[Recorded data]

===

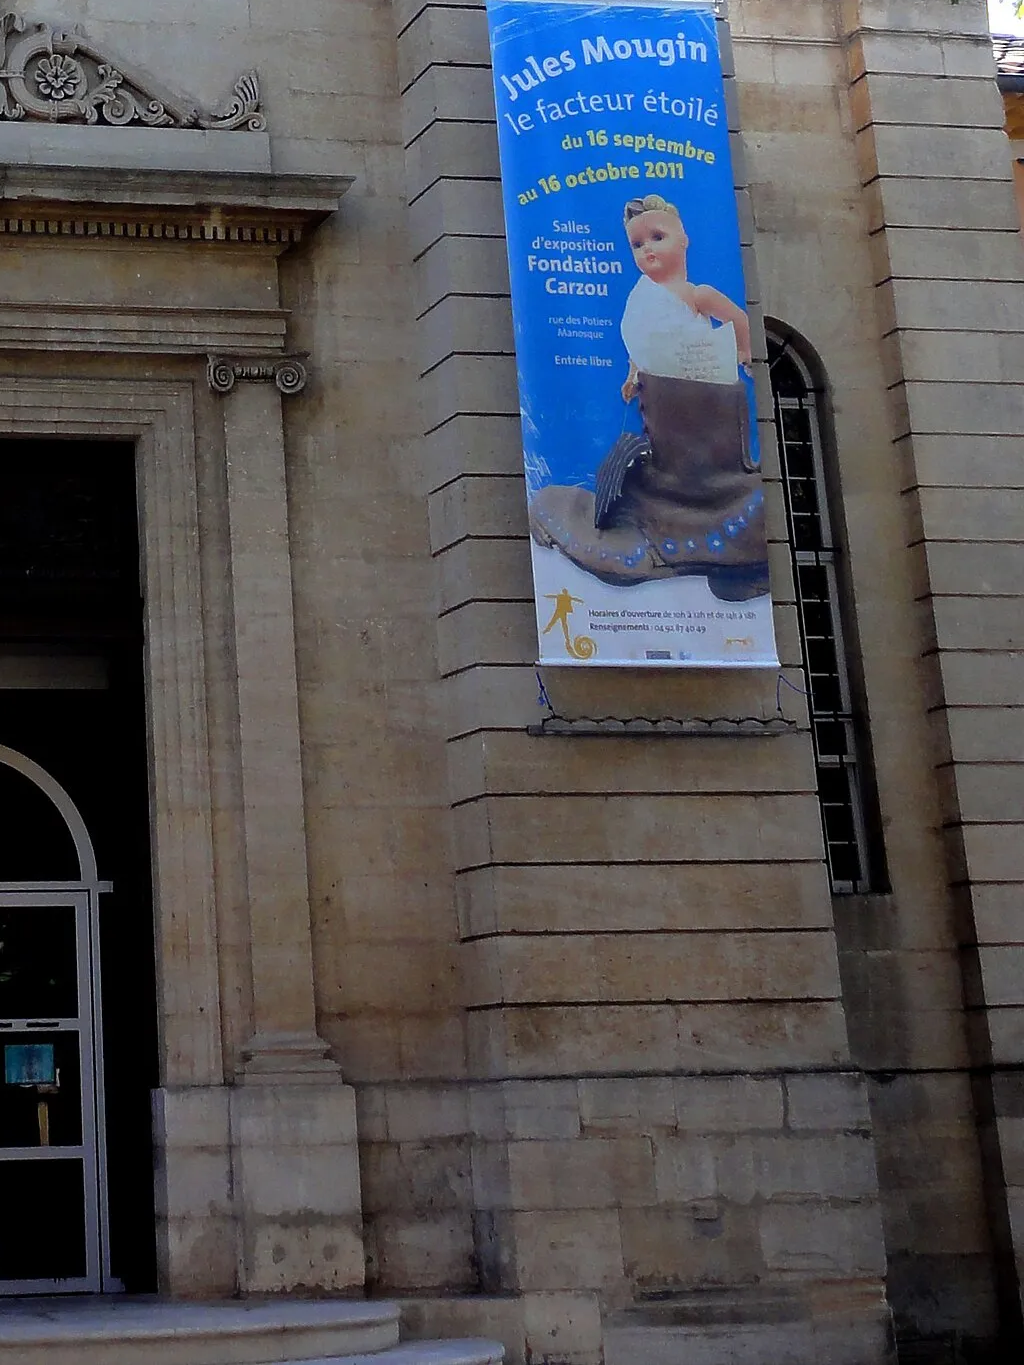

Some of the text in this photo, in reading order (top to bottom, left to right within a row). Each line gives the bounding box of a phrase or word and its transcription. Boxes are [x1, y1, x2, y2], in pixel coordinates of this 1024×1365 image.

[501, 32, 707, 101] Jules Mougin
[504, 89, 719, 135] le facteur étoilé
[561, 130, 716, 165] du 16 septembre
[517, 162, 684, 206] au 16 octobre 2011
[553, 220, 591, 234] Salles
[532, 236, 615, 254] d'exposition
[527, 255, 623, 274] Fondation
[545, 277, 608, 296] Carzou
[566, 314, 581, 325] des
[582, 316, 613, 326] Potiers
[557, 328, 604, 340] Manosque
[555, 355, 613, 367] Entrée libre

===

- **TASK REQUIREMENTS**: Could you output every record above exactly as it appears, without the pictures?

- **TASK SOLUTION**:
Some of the text in this photo, in reading order (top to bottom, left to right within a row). Each line gives the bounding box of a phrase or word and its transcription. Boxes are [x1, y1, x2, y2], in pixel coordinates of this 1024×1365 image.

[501, 32, 707, 101] Jules Mougin
[504, 89, 719, 135] le facteur étoilé
[561, 130, 716, 165] du 16 septembre
[517, 162, 684, 206] au 16 octobre 2011
[553, 220, 591, 234] Salles
[532, 236, 615, 254] d'exposition
[527, 255, 623, 274] Fondation
[545, 277, 608, 296] Carzou
[566, 314, 581, 325] des
[582, 316, 613, 326] Potiers
[557, 328, 604, 340] Manosque
[555, 355, 613, 367] Entrée libre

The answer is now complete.